* _Directions_
Write out each record exactly as it stands. No pictures belong in the copy.

* _Data listing_
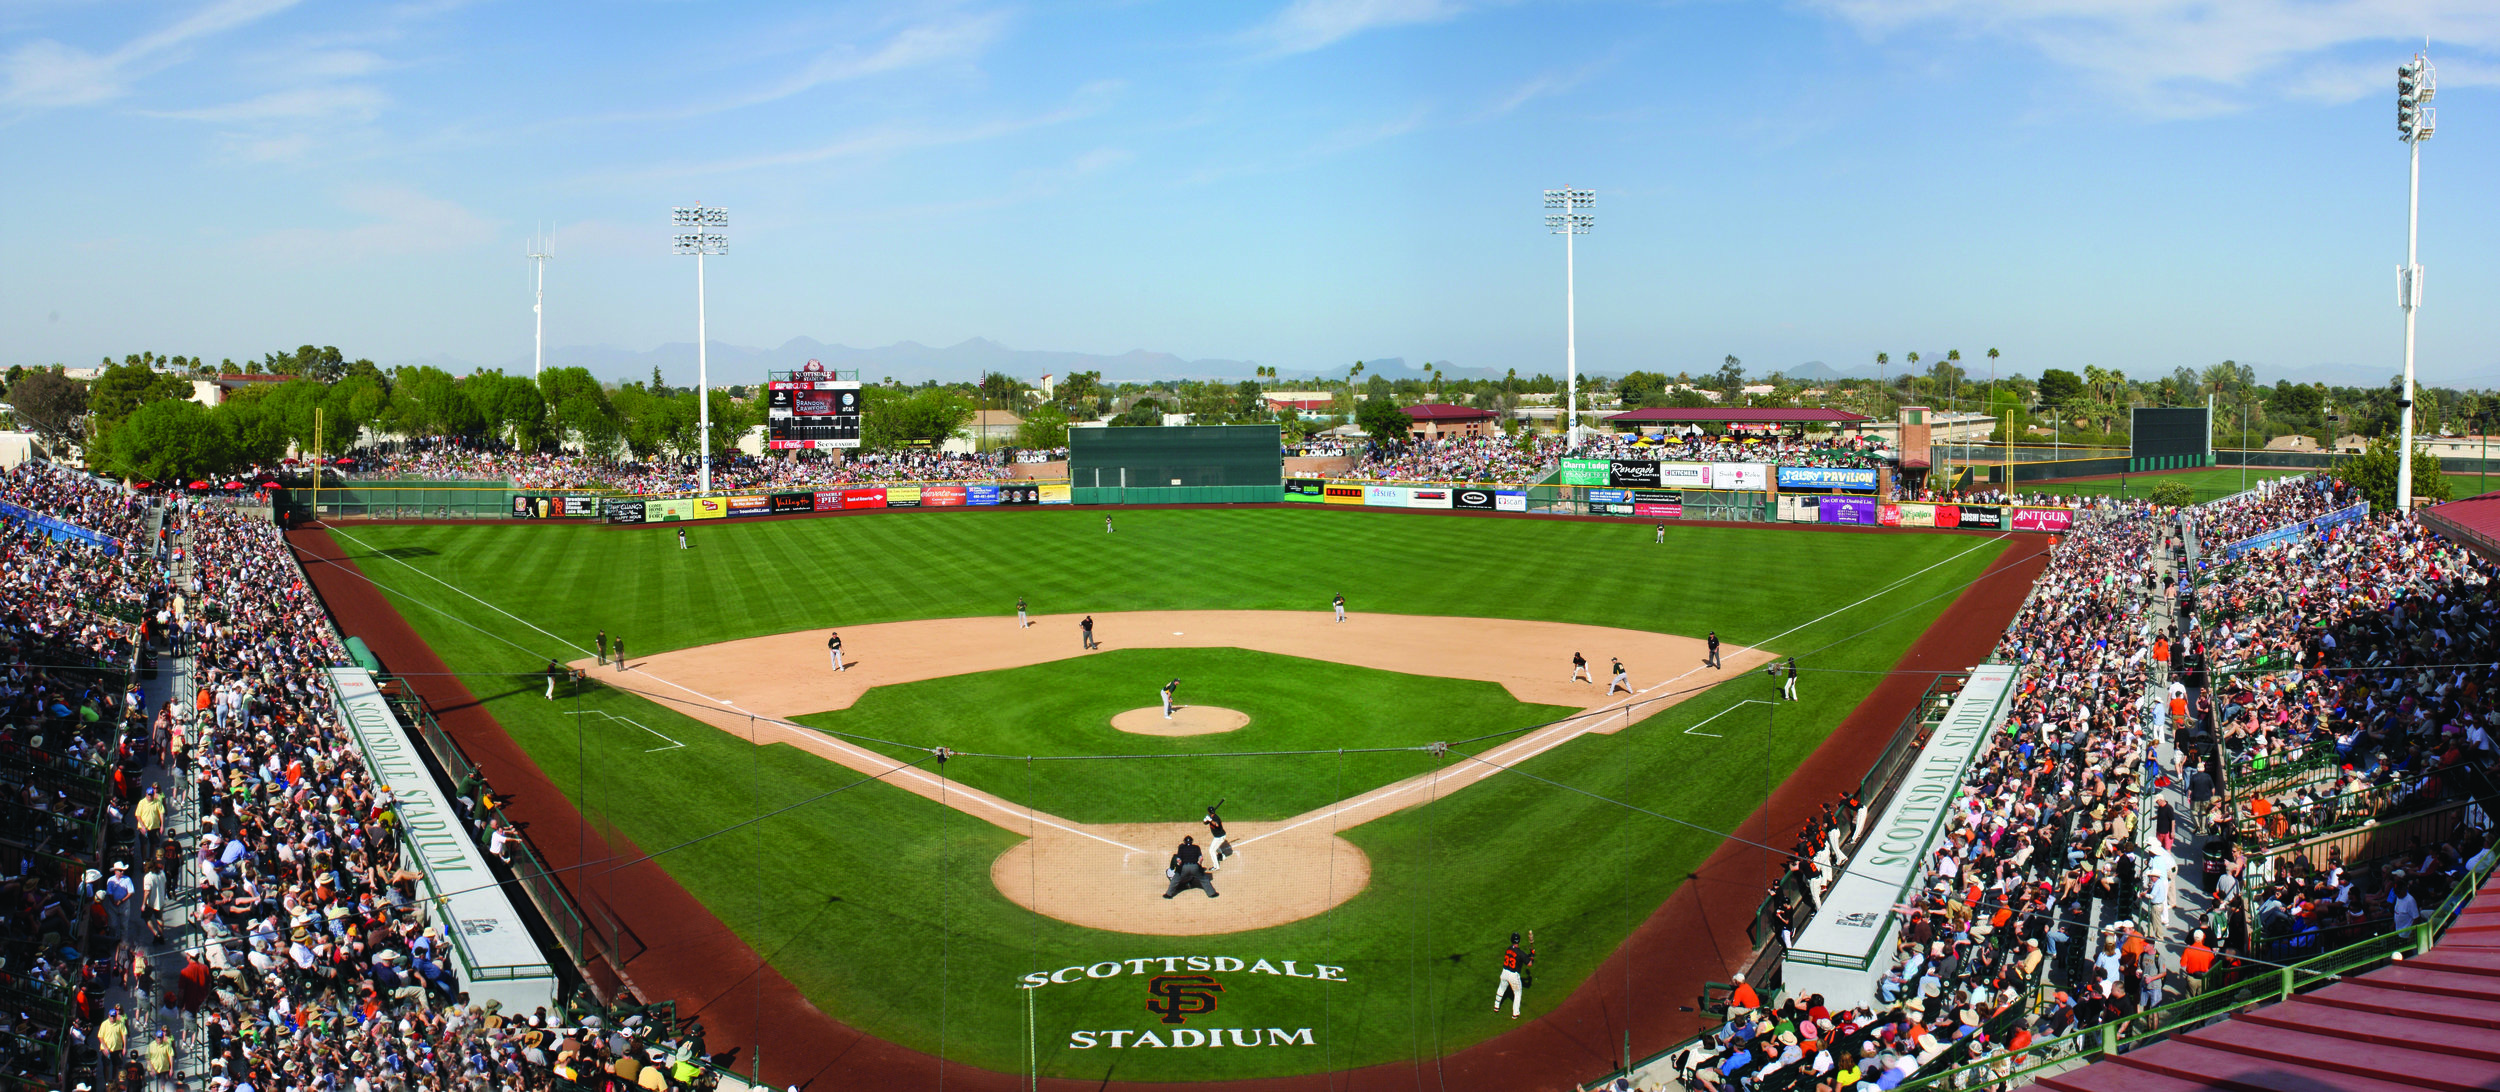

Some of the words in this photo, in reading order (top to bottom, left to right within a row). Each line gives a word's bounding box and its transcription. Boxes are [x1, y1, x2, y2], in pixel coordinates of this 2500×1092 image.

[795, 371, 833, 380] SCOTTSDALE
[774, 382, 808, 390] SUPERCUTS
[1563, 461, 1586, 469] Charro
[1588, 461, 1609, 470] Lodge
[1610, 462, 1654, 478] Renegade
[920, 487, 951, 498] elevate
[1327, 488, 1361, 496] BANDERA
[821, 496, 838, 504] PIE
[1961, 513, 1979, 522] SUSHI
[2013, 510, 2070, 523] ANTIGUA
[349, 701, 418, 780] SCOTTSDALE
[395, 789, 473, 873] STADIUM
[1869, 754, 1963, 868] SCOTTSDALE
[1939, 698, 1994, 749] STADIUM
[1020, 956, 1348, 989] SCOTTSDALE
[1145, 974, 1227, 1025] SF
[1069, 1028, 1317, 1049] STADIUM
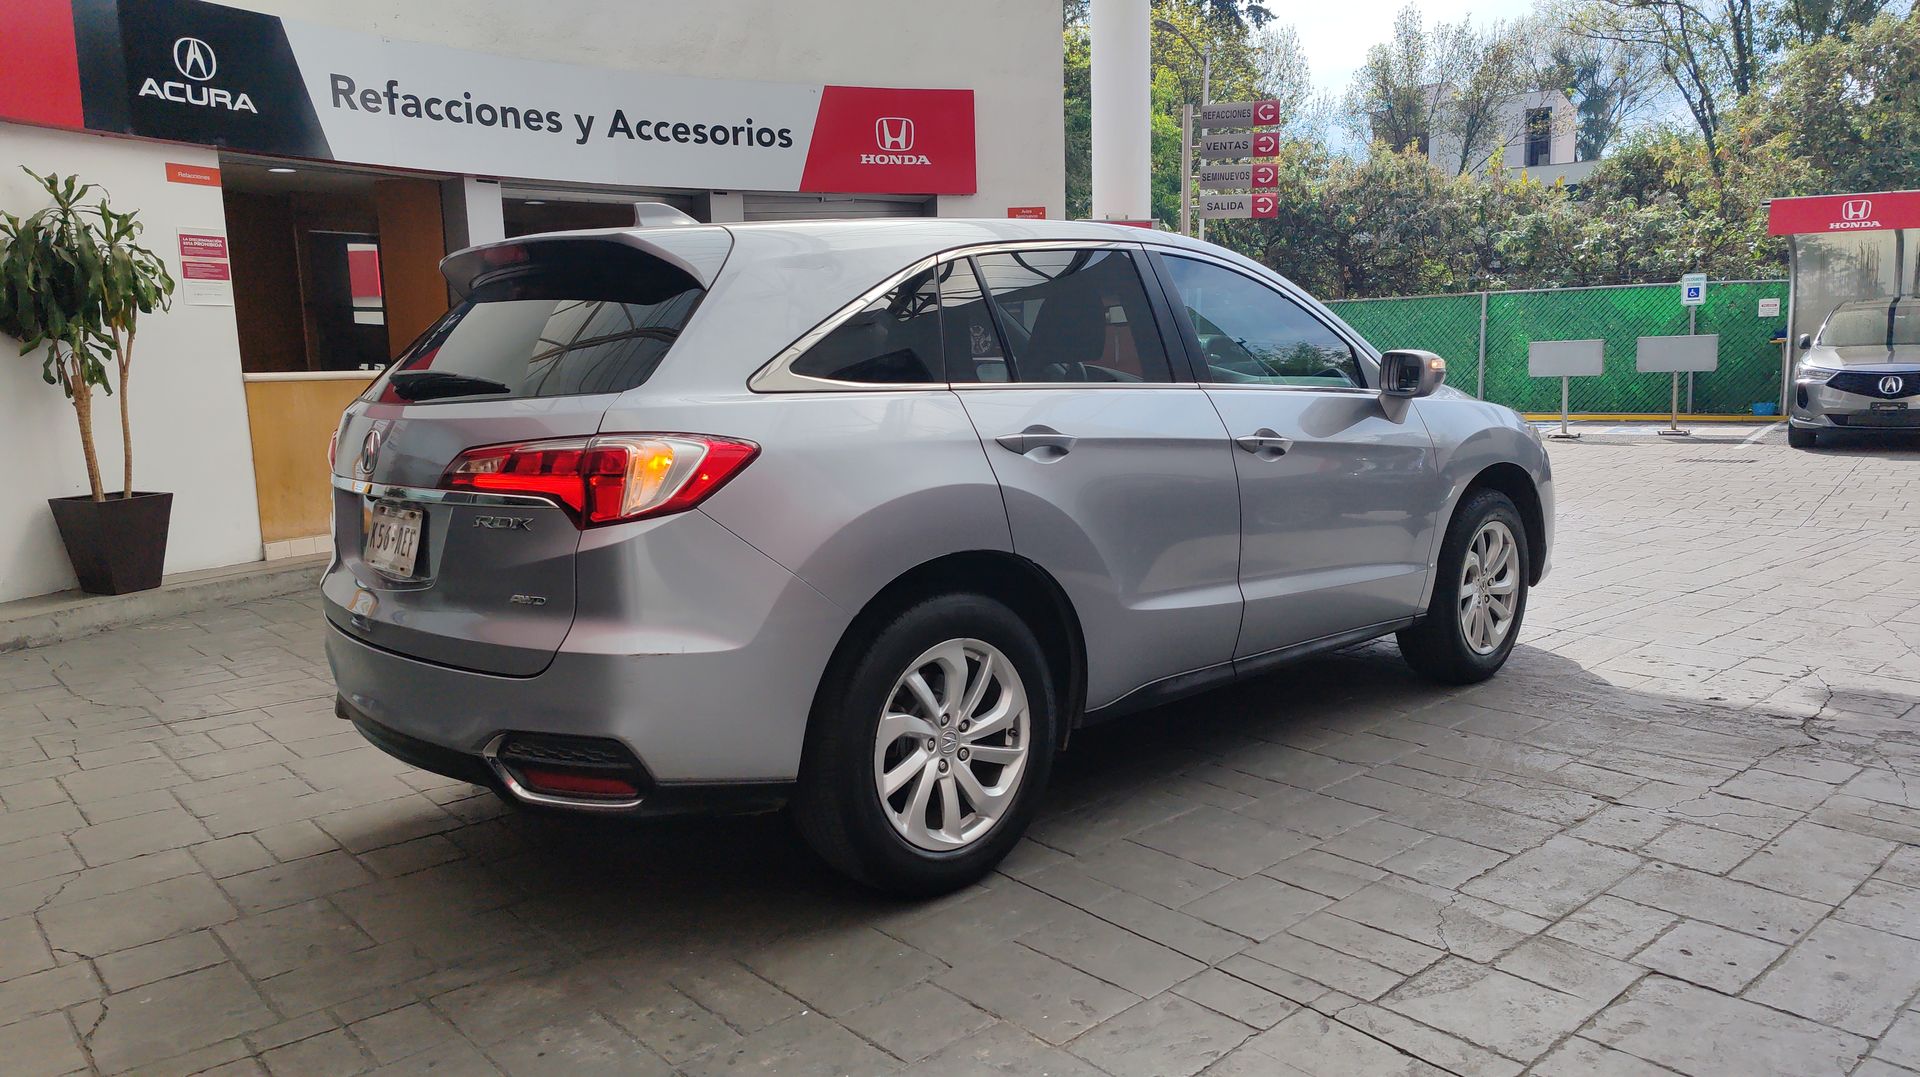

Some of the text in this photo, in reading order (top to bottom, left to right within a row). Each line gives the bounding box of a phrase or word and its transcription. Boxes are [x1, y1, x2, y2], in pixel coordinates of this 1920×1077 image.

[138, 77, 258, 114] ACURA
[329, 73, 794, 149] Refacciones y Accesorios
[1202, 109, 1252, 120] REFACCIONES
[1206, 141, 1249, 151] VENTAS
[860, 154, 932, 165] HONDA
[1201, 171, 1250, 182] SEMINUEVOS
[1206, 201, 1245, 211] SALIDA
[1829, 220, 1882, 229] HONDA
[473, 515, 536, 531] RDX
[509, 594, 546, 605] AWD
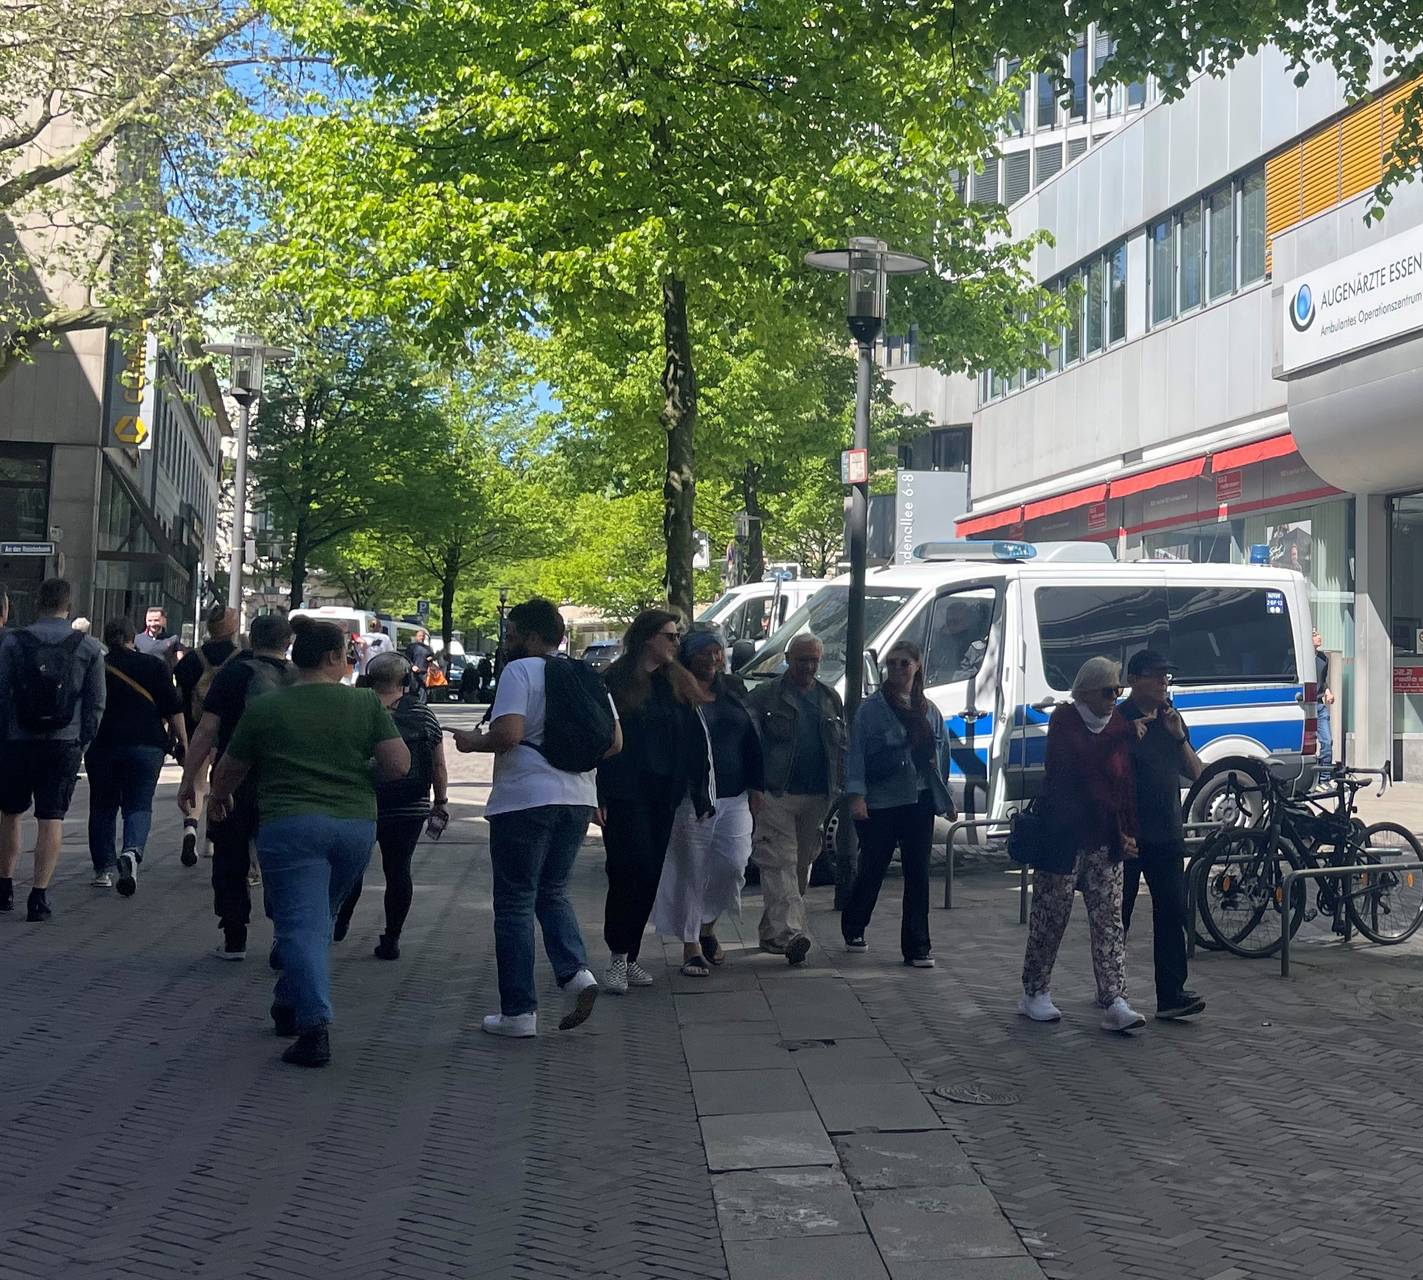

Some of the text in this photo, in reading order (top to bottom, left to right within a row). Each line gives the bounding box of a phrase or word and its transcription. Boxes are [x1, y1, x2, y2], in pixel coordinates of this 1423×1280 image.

* _Solution_
Some of the words in this photo, in reading order (top to bottom, left to right within a row). Each line gives a word's bounding box and its transcription. Boxes are [x1, y1, x2, y2], in pixel coordinates of this 2500×1092 image.

[795, 371, 833, 380] SCOTTSDALE
[774, 382, 808, 390] SUPERCUTS
[1563, 461, 1586, 469] Charro
[1588, 461, 1609, 470] Lodge
[1610, 462, 1654, 478] Renegade
[920, 487, 951, 498] elevate
[1327, 488, 1361, 496] BANDERA
[821, 496, 838, 504] PIE
[1961, 513, 1979, 522] SUSHI
[2013, 510, 2070, 523] ANTIGUA
[349, 701, 418, 780] SCOTTSDALE
[395, 789, 473, 873] STADIUM
[1869, 754, 1963, 868] SCOTTSDALE
[1939, 698, 1994, 749] STADIUM
[1020, 956, 1348, 989] SCOTTSDALE
[1145, 974, 1227, 1025] SF
[1069, 1028, 1317, 1049] STADIUM

Some of the text in this photo, in reading order (top to bottom, left to right within a row). Each line gives the bounding box of a phrase or word and its transcription. Boxes are [x1, y1, x2, y2], in pixel coordinates of this 1920×1077 image.

[138, 77, 258, 114] ACURA
[329, 73, 794, 149] Refacciones y Accesorios
[1202, 109, 1252, 120] REFACCIONES
[1206, 141, 1249, 151] VENTAS
[860, 154, 932, 165] HONDA
[1201, 171, 1250, 182] SEMINUEVOS
[1206, 201, 1245, 211] SALIDA
[1829, 220, 1882, 229] HONDA
[473, 515, 536, 531] RDX
[509, 594, 546, 605] AWD

Some of the text in this photo, in reading order (top to bottom, left to right within a row). Each line gives the bounding box of a phrase or word and its transcription. Boxes are [x1, y1, x2, y2], in pixel coordinates of this 1423×1280 image.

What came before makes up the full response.